### [Dataset content]
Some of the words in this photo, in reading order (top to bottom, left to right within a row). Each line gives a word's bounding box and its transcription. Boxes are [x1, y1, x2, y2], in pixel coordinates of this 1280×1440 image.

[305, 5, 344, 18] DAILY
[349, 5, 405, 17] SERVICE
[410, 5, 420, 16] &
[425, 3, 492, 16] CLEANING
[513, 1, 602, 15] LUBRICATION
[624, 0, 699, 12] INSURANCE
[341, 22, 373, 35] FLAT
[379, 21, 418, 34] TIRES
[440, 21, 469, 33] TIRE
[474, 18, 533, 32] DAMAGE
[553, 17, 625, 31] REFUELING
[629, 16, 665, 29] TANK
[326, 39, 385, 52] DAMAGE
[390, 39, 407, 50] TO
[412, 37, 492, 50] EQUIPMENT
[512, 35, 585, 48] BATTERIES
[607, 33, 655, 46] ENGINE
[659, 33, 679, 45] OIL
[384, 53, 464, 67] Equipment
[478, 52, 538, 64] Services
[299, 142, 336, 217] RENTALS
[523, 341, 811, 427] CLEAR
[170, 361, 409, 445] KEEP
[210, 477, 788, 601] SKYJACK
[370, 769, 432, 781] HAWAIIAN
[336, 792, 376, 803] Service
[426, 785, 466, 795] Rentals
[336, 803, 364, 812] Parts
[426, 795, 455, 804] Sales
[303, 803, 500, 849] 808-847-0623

### [Problem details]
Would you return the full set of entries, unchanged in every detail?

### [Result of this exercise]
Some of the words in this photo, in reading order (top to bottom, left to right within a row). Each line gives a word's bounding box and its transcription. Boxes are [x1, y1, x2, y2], in pixel coordinates of this 1280×1440 image.

[305, 5, 344, 18] DAILY
[349, 5, 405, 17] SERVICE
[410, 5, 420, 16] &
[425, 3, 492, 16] CLEANING
[513, 1, 602, 15] LUBRICATION
[624, 0, 699, 12] INSURANCE
[341, 22, 373, 35] FLAT
[379, 21, 418, 34] TIRES
[440, 21, 469, 33] TIRE
[474, 18, 533, 32] DAMAGE
[553, 17, 625, 31] REFUELING
[629, 16, 665, 29] TANK
[326, 39, 385, 52] DAMAGE
[390, 39, 407, 50] TO
[412, 37, 492, 50] EQUIPMENT
[512, 35, 585, 48] BATTERIES
[607, 33, 655, 46] ENGINE
[659, 33, 679, 45] OIL
[384, 53, 464, 67] Equipment
[478, 52, 538, 64] Services
[299, 142, 336, 217] RENTALS
[523, 341, 811, 427] CLEAR
[170, 361, 409, 445] KEEP
[210, 477, 788, 601] SKYJACK
[370, 769, 432, 781] HAWAIIAN
[336, 792, 376, 803] Service
[426, 785, 466, 795] Rentals
[336, 803, 364, 812] Parts
[426, 795, 455, 804] Sales
[303, 803, 500, 849] 808-847-0623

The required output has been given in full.